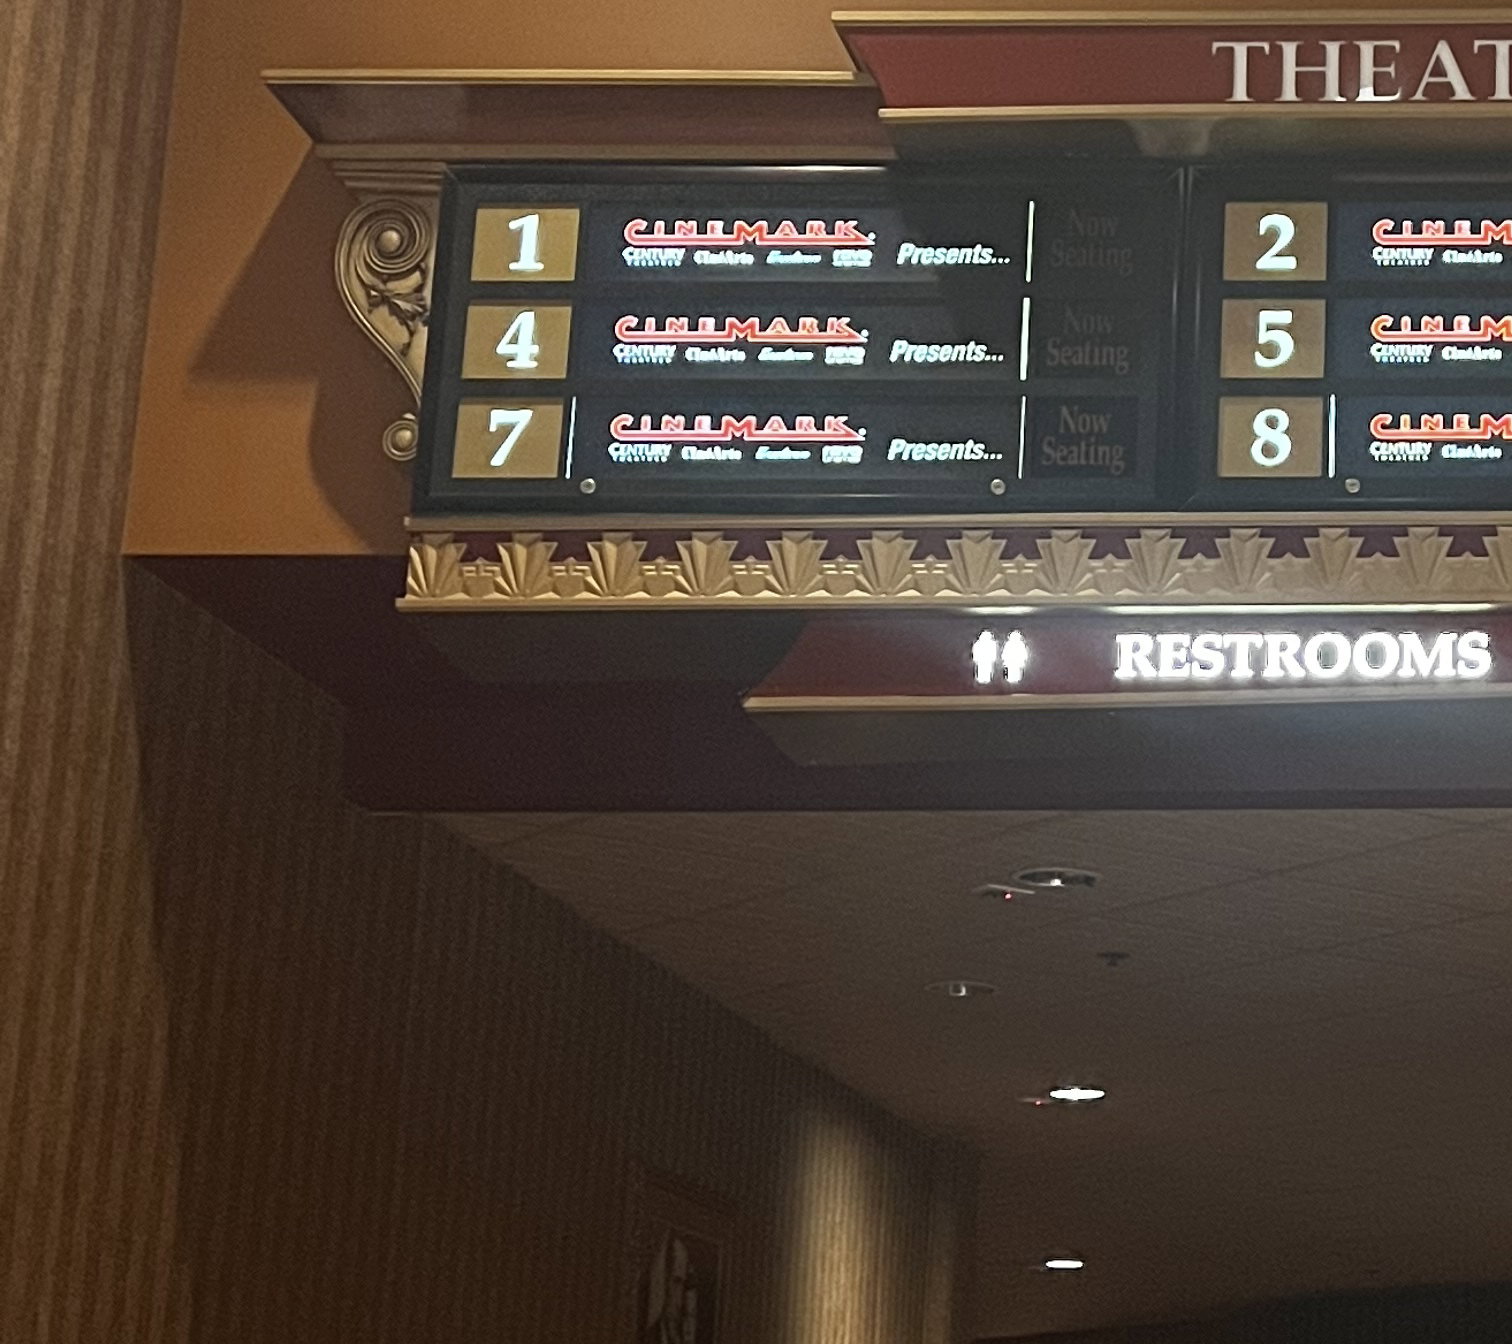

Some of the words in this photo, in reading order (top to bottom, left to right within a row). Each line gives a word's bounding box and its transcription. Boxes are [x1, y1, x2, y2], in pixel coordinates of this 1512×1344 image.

[509, 214, 544, 271] 1
[624, 219, 868, 246] CINEMARK
[1256, 214, 1296, 269] 2
[497, 312, 539, 368] 4
[615, 315, 859, 343] CINEMARK
[1255, 311, 1293, 367] 5
[490, 410, 533, 466] 7
[610, 414, 853, 441] CINEMARK
[1059, 406, 1111, 434] Now
[1251, 409, 1291, 466] 8
[1041, 436, 1125, 475] Seating
[1115, 631, 1492, 680] RESTROOMS
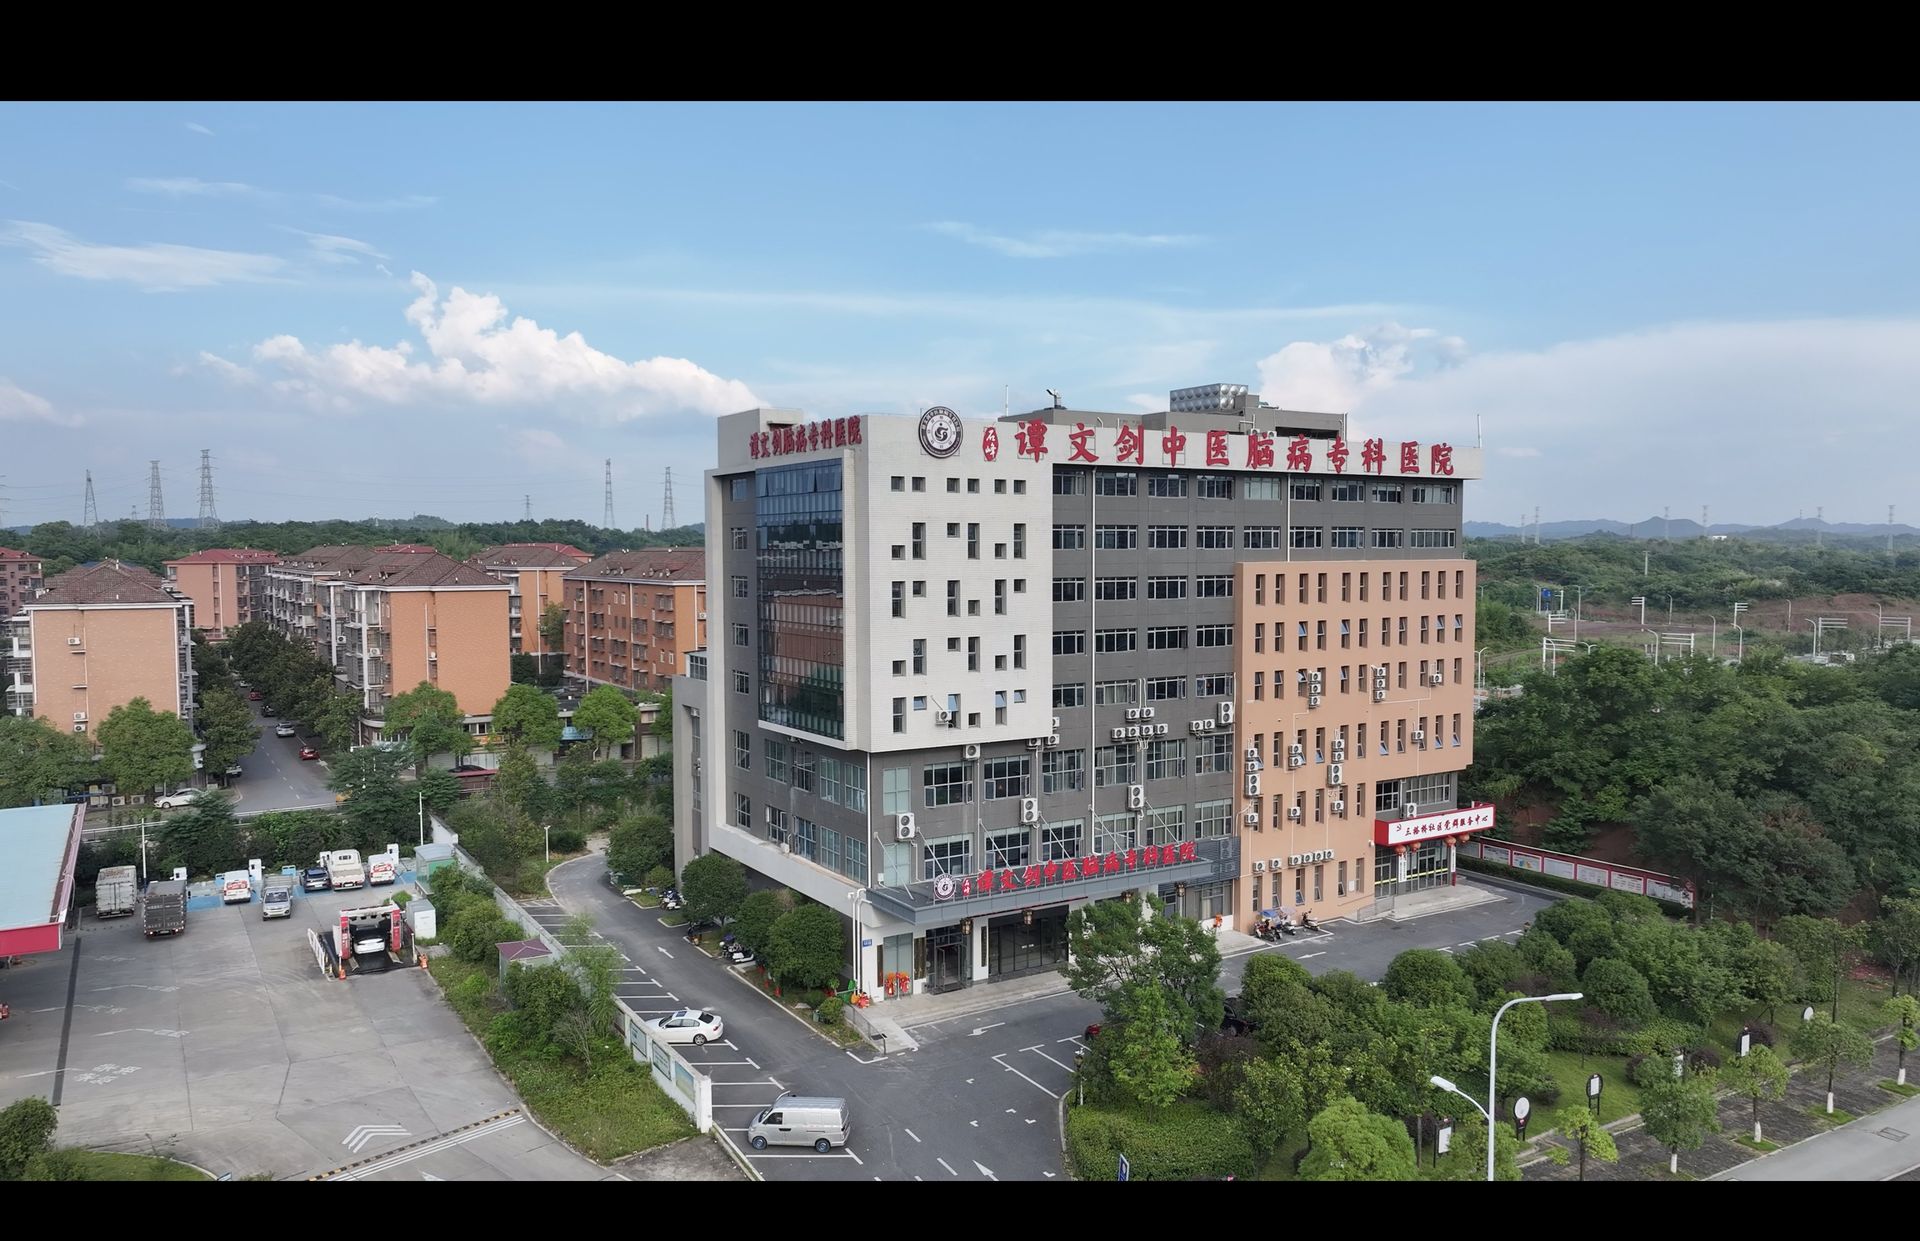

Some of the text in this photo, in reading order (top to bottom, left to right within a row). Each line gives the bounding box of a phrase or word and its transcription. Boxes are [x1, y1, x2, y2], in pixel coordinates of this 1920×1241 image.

EXERCISE INSTRUCTIONS :: Your answer must be the full listing, reproduced word for word, without its pictures.

ANSWER BELOW ::
Some of the words in this photo, in reading order (top to bottom, left to right within a row). Each line gives a word's bounding box and its transcription. Boxes are [x1, y1, x2, y2], in pixel coordinates of this 1512×1344 image.

[509, 214, 544, 271] 1
[624, 219, 868, 246] CINEMARK
[1256, 214, 1296, 269] 2
[497, 312, 539, 368] 4
[615, 315, 859, 343] CINEMARK
[1255, 311, 1293, 367] 5
[490, 410, 533, 466] 7
[610, 414, 853, 441] CINEMARK
[1059, 406, 1111, 434] Now
[1251, 409, 1291, 466] 8
[1041, 436, 1125, 475] Seating
[1115, 631, 1492, 680] RESTROOMS

Some of the text in this photo, in reading order (top to bottom, left to right within a row). Each line gives the bounding box of a phrase or word and its transcription. Boxes are [x1, y1, x2, y2], in pixel coordinates of this 1920×1241 image.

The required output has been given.